During economic expansion when real estate values are rising and the likelihood of default seems low, standard due diligence may be okay. However, during market turbulence and recession when it is necessary for lenders to fully understand risk and its consequences it is better to rely on business-minded scientists with some gray hair they earned during years of work in good and bad times.
Similarly, freshly baked bread and apples picked right-off-the-tree are good but they don’t offer the sophisticated tastes and textures of a 12-year-old Scotch or aged cheddar. Such differences are also true in the environmental consulting world.
At Bell Oldow, our experience tells us that we are entering the “clean-up phase” of this most recent economic disaster. This means that lenders with distressed debt will be considering ownership of collateral to secure recovery. As part of this decision making, wise lenders will consider collateral value, the real estate’s overall quality, and whether there are environmental liabilities that would require the lender to enter regulatory programs to investigate and remediate contamination.
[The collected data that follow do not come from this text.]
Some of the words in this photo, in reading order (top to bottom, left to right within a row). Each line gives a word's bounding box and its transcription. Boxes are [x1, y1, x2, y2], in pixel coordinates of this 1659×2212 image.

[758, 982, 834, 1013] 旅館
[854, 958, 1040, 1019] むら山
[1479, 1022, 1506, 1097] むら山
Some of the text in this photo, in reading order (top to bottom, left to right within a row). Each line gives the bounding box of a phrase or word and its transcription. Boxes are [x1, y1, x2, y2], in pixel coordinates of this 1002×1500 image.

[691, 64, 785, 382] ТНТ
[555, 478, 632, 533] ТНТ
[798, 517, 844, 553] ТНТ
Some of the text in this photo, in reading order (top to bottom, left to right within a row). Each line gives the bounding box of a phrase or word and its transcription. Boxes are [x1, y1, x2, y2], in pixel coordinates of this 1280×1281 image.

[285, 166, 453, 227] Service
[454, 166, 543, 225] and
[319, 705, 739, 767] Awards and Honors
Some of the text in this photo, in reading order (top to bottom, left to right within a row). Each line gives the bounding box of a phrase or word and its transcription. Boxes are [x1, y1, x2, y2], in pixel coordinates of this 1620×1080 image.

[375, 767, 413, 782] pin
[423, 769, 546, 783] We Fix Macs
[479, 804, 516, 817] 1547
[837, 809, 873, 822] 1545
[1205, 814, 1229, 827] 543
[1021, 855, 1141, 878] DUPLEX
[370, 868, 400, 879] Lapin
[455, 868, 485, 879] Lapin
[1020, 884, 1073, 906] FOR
These lenders understand that such liabilities also have costs and time frames to complete that could adversely impact the deal. Having an experienced team that can define risk and outline expenses and timelines in such transactions is critical at this time.
We consider our gray hair to be the single malt of the industry. We have been through multiple economic cycles and have experience supporting lenders who are addressing a single site and loan buyers that are looking at large portfolios. Our backgrounds as consultants, bankers and environmental insurance underwriters allow us to provide a comprehensive review of collateral and the ability to help you think through foreclosure, REO, and debt purchases.